:: Task ::
No pictures belong in the copy. Reproduce exactly the lines beginning at the line containing "this 1280×1280 image." and continuing to the end of the entries below.

:: Task inputs ::
§

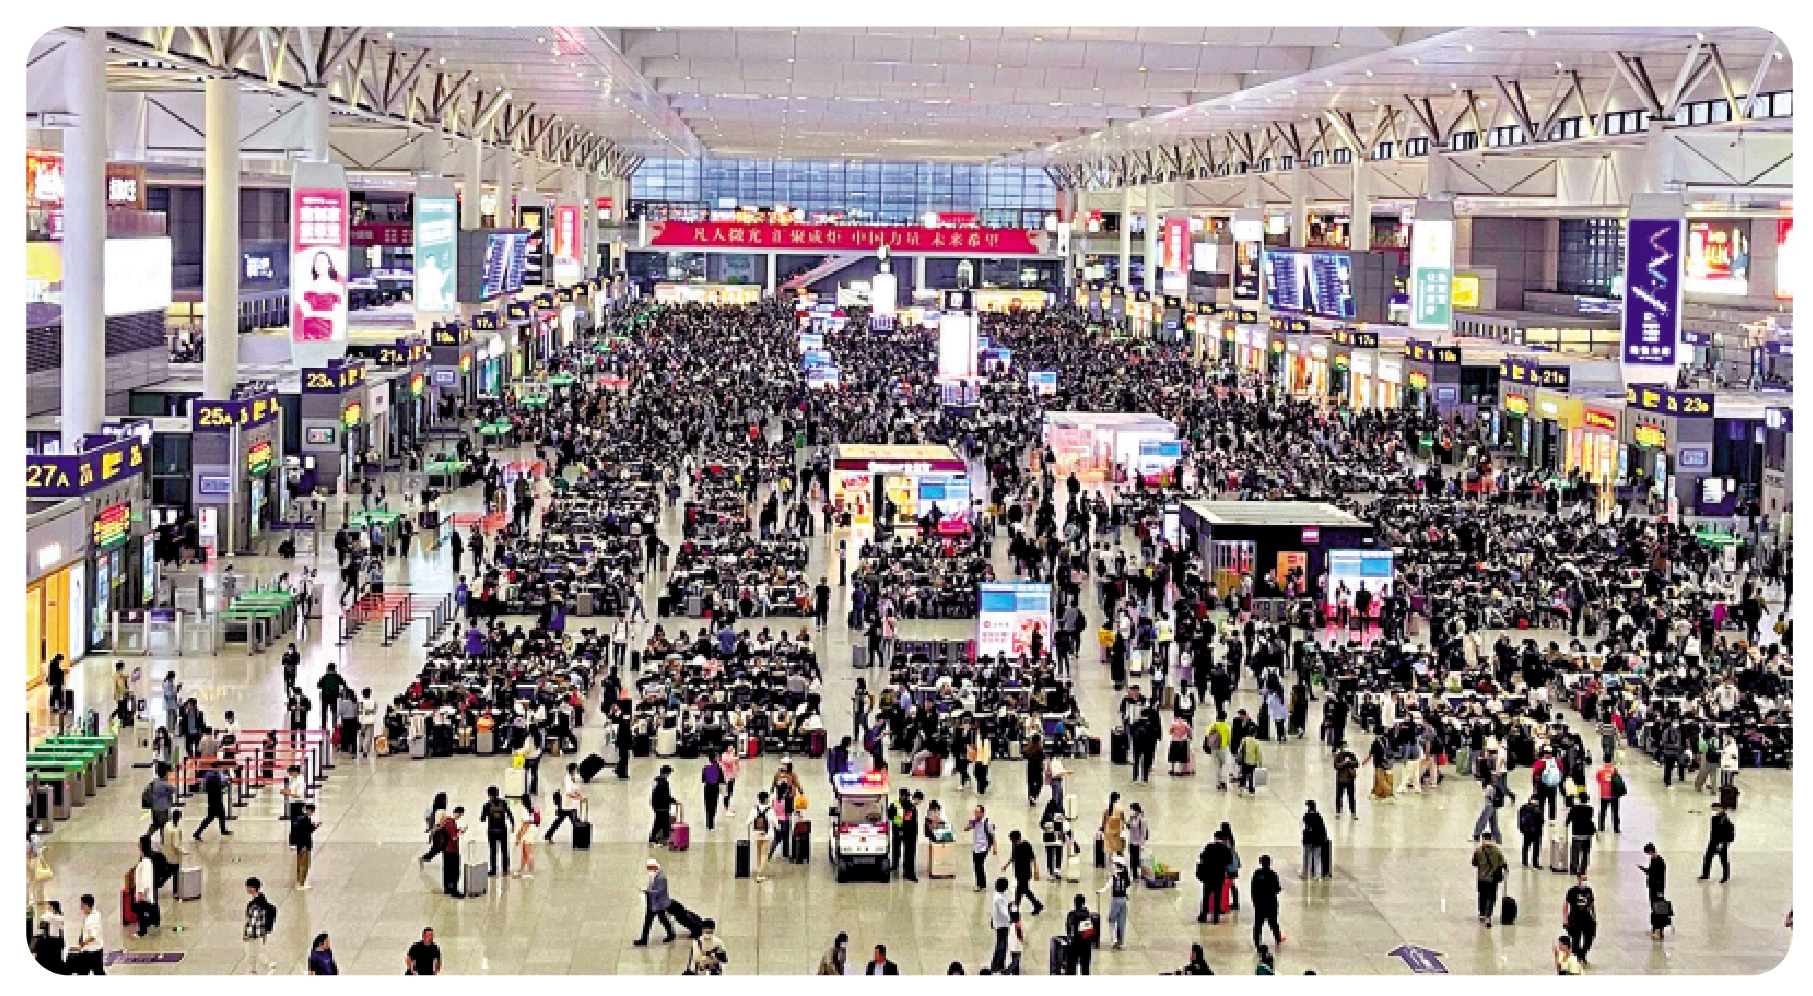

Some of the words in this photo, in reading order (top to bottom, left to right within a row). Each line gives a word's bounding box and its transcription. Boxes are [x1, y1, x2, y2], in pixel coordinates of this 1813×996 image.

[306, 372, 335, 388] 23A
[199, 407, 232, 425] 25A
[25, 463, 71, 487] 27A
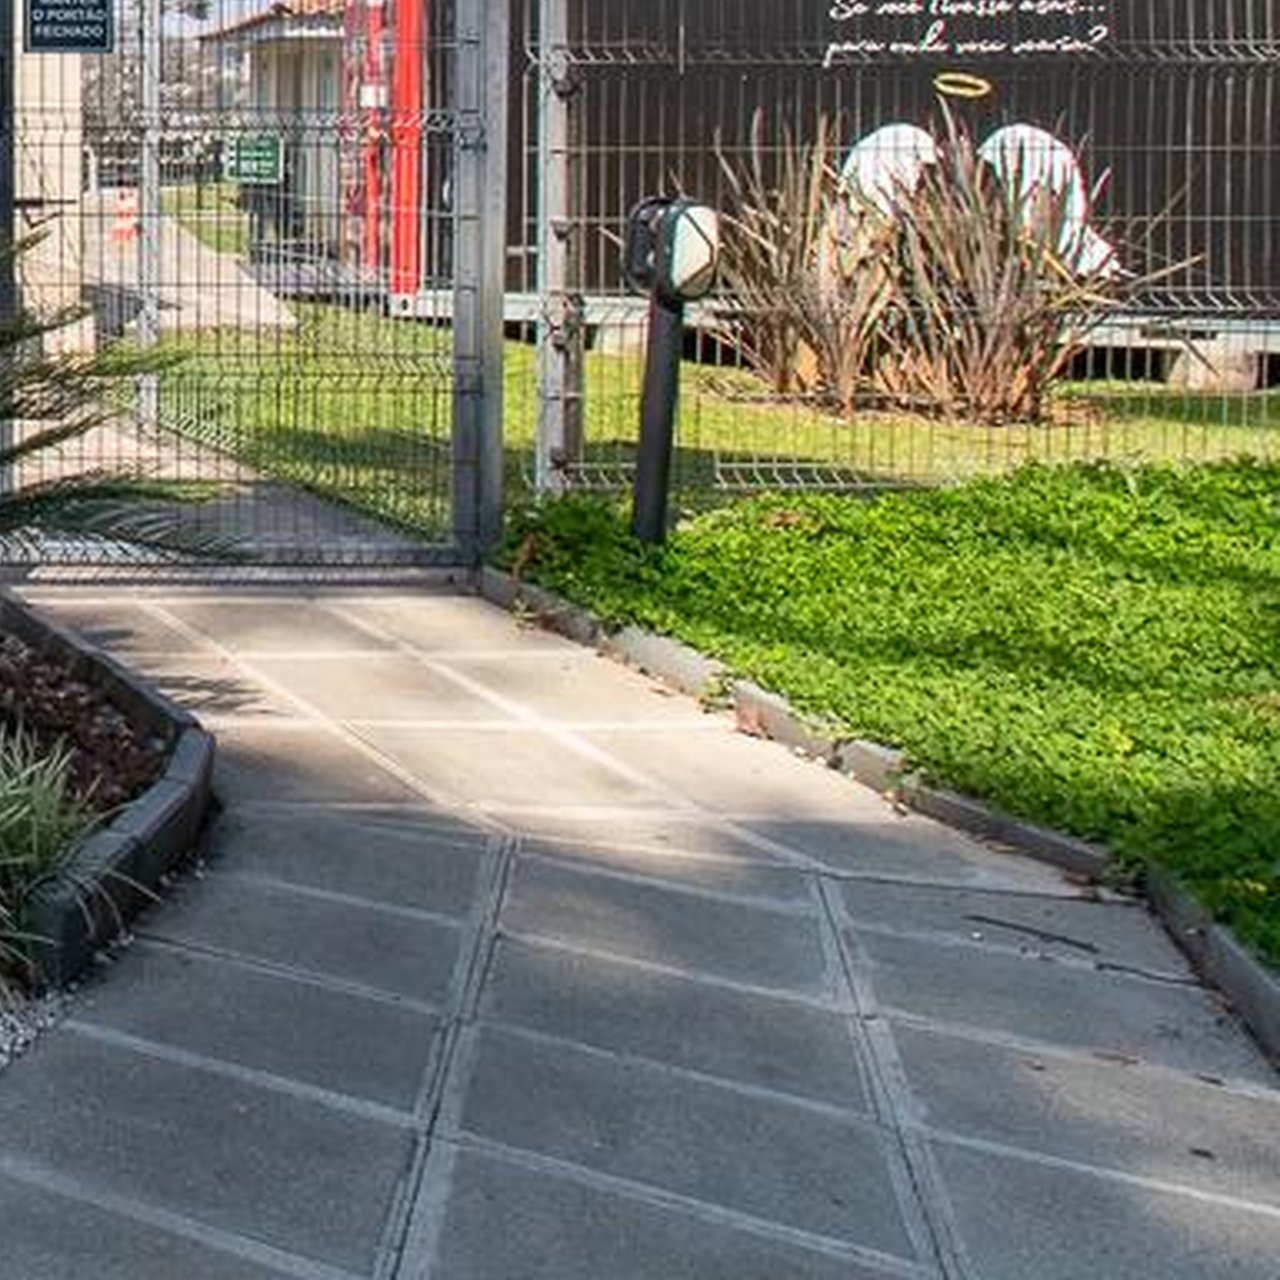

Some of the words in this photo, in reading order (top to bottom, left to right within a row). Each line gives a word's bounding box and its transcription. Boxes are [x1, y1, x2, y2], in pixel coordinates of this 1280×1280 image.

[32, 9, 44, 21] O
[46, 6, 107, 21] PORTÃO
[34, 24, 104, 38] FECHADO
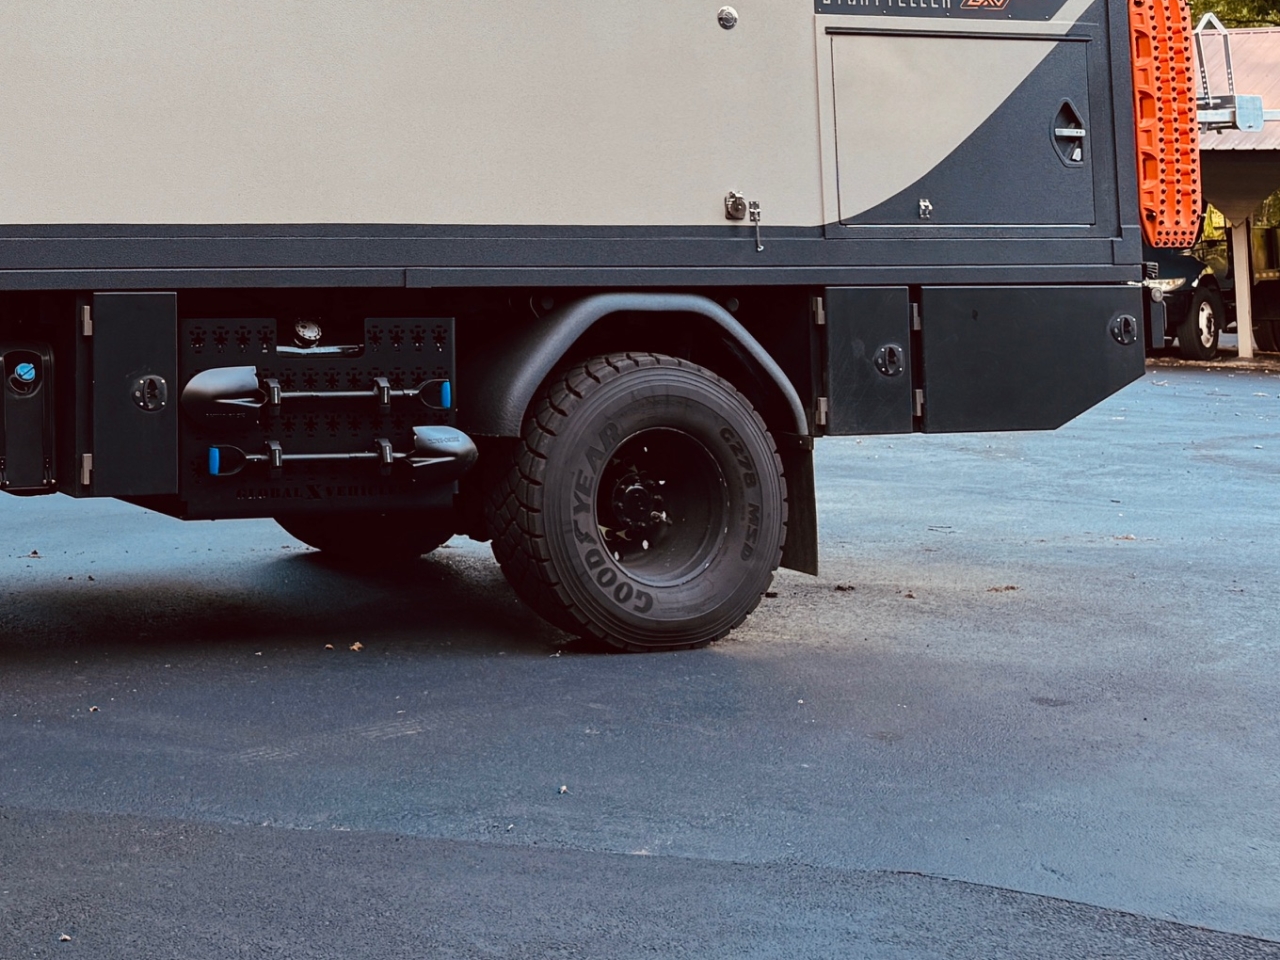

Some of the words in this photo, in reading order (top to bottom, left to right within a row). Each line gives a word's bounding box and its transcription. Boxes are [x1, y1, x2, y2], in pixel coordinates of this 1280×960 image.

§

:: Reply to the task ::
Some of the words in this photo, in reading order (top to bottom, left to right within a row). Each line gives a word's bounding box and its transcription. Boxes are [x1, y1, x2, y2], in pixel coordinates of this 1280×1280 image.

[32, 9, 44, 21] O
[46, 6, 107, 21] PORTÃO
[34, 24, 104, 38] FECHADO

Some of the words in this photo, in reading order (top to bottom, left to right within a row). Each line gives a word's bounding box and its transcription. Boxes are [x1, y1, x2, y2], in pixel coordinates of this 1280×960 image.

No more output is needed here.